Pete Hill steering Kokachin in a gale, 2022 © Linda Crew-Gee
While we love racing at Sail-World, we also have a soft-spot for cruising, ideally of the adventure-minded variety. Because of this, we always eagerly await word from the Cruising Club of America regarding the recipient of their annual Blue Water Medal. According to the CCA's website, this award, which is the organization's highest honor, "reward[s] meritorious seamanship and adventure upon the sea displayed by amateur sailors of all nationalities." The CCA first presented the Blue Water Medal in 1923, and past winners include Bernard Moitessier, Eric Tabarly, and Sir Francis Chichester.
Last week, the CCA announced that the 2025 Blue Water Medal would be presented to British sailor Pete Hill (75), who has spent the last half century cruising and exploring oceans aboard junk-rigged boats that he has either built or modified to carry this traditional rig.
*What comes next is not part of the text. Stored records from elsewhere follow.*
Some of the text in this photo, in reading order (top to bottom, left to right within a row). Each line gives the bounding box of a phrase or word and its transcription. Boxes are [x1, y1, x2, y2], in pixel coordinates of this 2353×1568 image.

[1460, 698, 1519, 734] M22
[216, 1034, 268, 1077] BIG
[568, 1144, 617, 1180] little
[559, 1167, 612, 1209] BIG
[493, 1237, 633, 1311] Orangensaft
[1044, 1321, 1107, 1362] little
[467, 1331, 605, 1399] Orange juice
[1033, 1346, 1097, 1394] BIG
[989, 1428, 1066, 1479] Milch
Hill's voyaging using simple and comparably inexpensive boats and junk rigs began in the mid 1970s, when he and his first wife, Annie, cruised the North Atlantic aboard a James Wharram-designed catamaran. Next came a 34-foot plywood dory that the Hills named Badger, which they sailed as far north as Greenland and arctic Norway, and as far south as South Georgia Island.
Hill and Annie decided to plot different life courses (Annie, it should be noted, won the Blue Water Medal in 2009 with Trevor Robertson), and Hill set his mind to designing and building Chin Moon, a 38-foot junk-rigged catamaran. He then spent half a decade sailing the high latitudes aboard the boat, including rounding Cape Horn.
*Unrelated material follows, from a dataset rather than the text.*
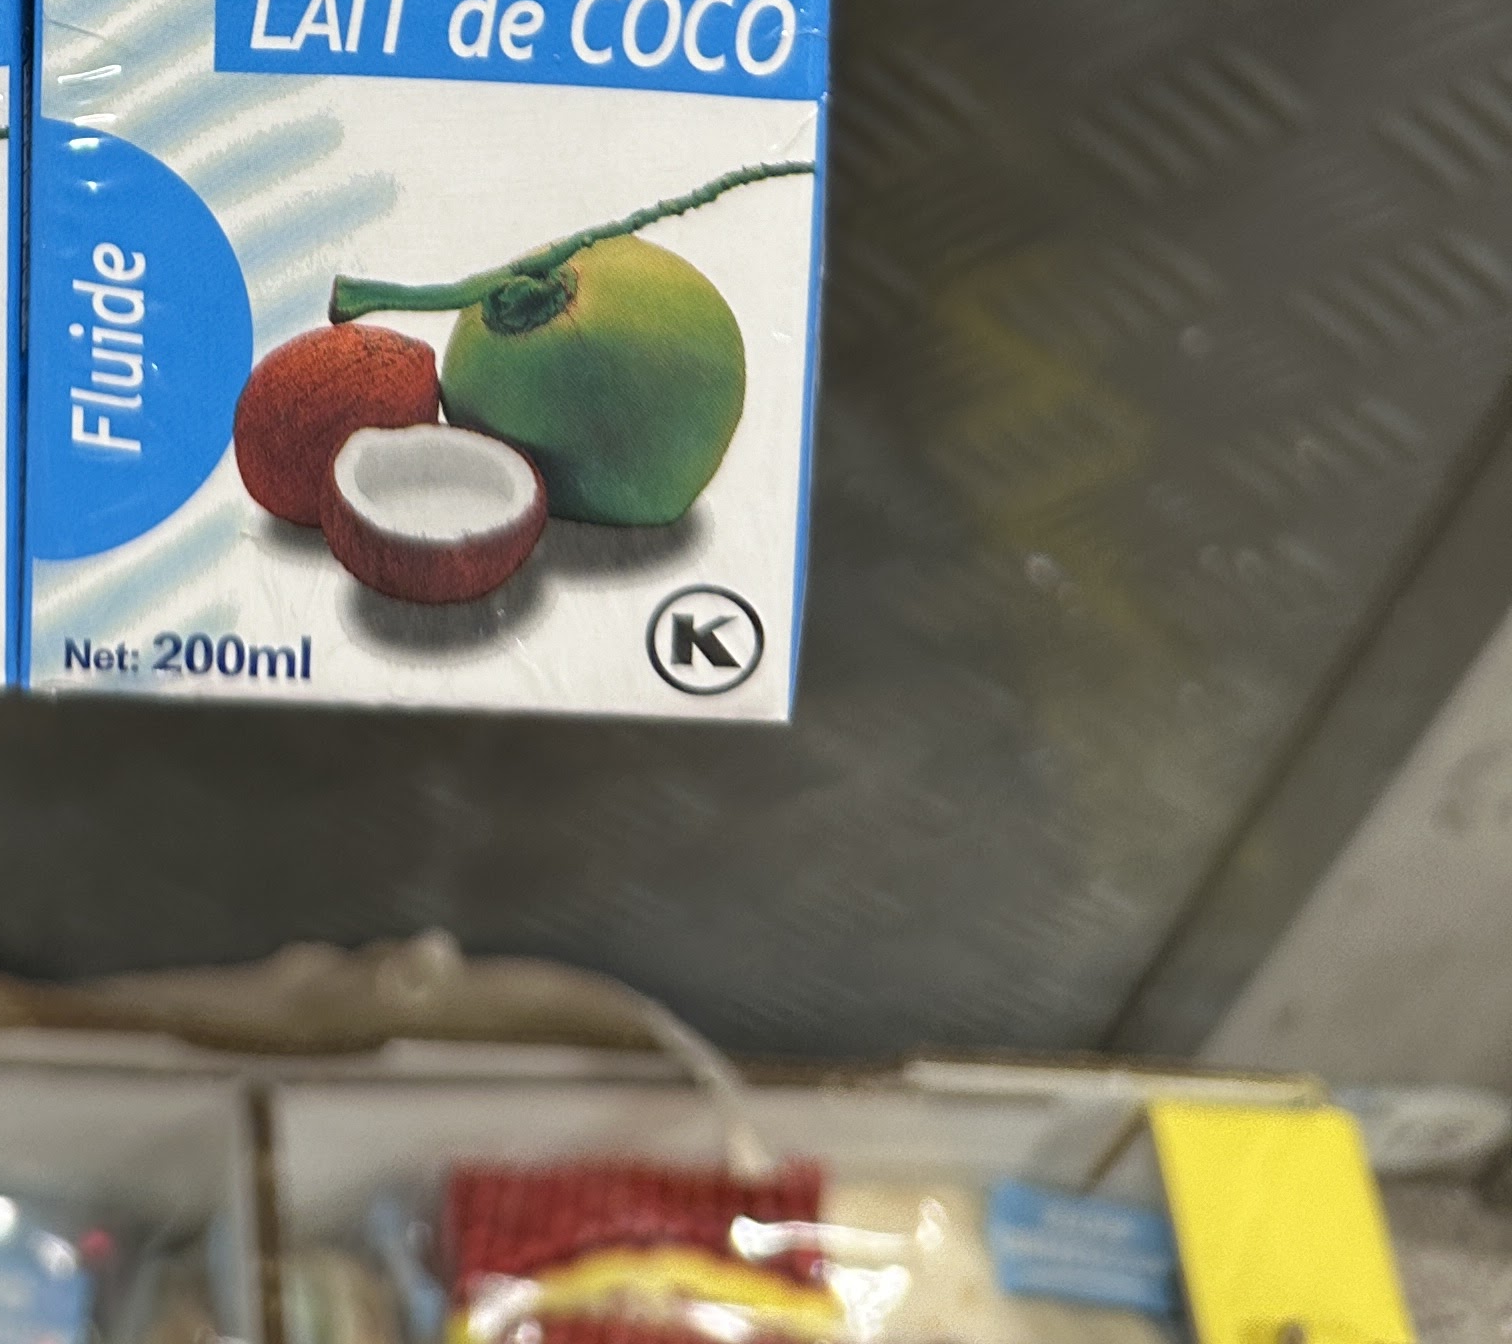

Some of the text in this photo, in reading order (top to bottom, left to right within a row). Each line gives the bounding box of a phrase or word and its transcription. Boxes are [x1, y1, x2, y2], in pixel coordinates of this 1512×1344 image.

[68, 241, 147, 454] Fluide
[63, 629, 312, 679] Net: 200ml
Hill eventually sold China Moon, converted a Freedom 33 to a junk rig, and—along with Carly, his second wife —cruised Brazil and penned a cruising guide for the Royal Cruising Club Pilotage Foundation.
Next came Oryx, a modified Bernd Kohler-designed KD10, that Hill also powered using twin junk-rigged sticks, and which he and Carly extensively cruised.
Tragedy found the Hills in 2015, when Carly was lost overboard off South Africa.
Hill dealt with this deep loss by embarking to sea alone, crossing the Indian Ocean and eventually making landfalls in Mauritius and Australia.
Hill sold Oryx, and—during the pandemic—built Kokachin, a junk-rigged schooner with Linda Crew-Gee. The two sailed their schooner to the Caribbean before then punching north to Nova Scotia, and then north again around Greenland.
Boats sometimes have a way of re-finding their people, and this proved true with China Moon, which hit the brokerage market in Tasmania a couple years ago. Hill and Crew-Gee put Kokachin into storage in the UK and then spent four months refitting China Moon.
The two sailed China Moon to New Zealand in 2025, but they got pasted by a nasty storm in the Tasman Sea that damaged the boat and forced the couple to hand-steer for some 144 hours.
As of this writing, Hill and Crew-Gee are logging South Pacific miles aboard China Moon, and—one can imagine—celebrating Hill's Blue Water Medal.
We at Sail-World raise our glasses to Hill and his impressive offshore accomplishments aboard his traditional-but-unconventional boats. While we don't plan to swap Bermuda rigs for junk rigs anytime soon, we applaud Hill's willingness to push the boundaries of the possible and prove that one doesn't need a massive war chest to explore the world's oceans and far-flung islands.
May the four winds blow you safely home.